After all our work was complete, we fired the car up and it ran fine. However, I figured this wasn’t the last of the trouble – there was no obvious problem I had found during any of our work, nothing that seemed to be the root cause. After returning to school my suspicions were confirmed; the car was low on coolant. From there began a multi-month journey of trying every possible diagnostic method I had available to determine where the leak was. In the meantime, I kept a bottle of coolant in the back of her car and would regularly fill it up (every 3-4 weeks I’d put about half an overflow tank’s worth of coolant in). After trying leak-test dye, radiator headspace exhaust testing, radiator cap pressure testing – nothing turned up any obvious results. Everything pointed to a small leak between the cooling jacket and a cylinder, but small enough that my radiator headspace test didn’t turn up anything.

However, her car kept running, it just needed a bit of coolant every now and then. Fast-forward to December 2014. I take a job at Southwest Research Institute, we move to Michigan, and her car keeps on trucking. Finally, this summer I had to decide between selling the car or replacing the head gasket. I choose the later and below is a gallery providing an overview of the process. Before embarking on this project i had no experience in this sort of major automotive repair. I printed out roughly 40 pages of service manual information, watched numerous videos from Eric the Car Guy, and called numerous friends and family members with automotive experience.

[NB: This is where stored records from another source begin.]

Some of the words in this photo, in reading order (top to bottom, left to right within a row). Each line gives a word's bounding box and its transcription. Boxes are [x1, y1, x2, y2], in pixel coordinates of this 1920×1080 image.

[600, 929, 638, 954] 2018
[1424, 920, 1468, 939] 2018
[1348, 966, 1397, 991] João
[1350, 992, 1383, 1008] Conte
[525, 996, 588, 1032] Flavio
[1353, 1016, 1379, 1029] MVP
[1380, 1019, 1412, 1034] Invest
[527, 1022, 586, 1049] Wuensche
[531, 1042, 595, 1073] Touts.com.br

The job in total took three weeks, a bit longer than I anticipated but twice I unexpectedly had to order parts (see the timing belt cover photo below). However, in the end, the car fired up and ran. I learned a lot in the process, and gained a decent amount of confidence in my auto tech abilities along the way.

Update (2017-07-15): The car ran without needing a drop of coolant for two years! While the car has been a good learning experience (since this post I’ve replaced roughly half the exhaust system, the power steering rack, and bled the brakes), I was definitely glad to finally sell it and upgrade to something a bit newer.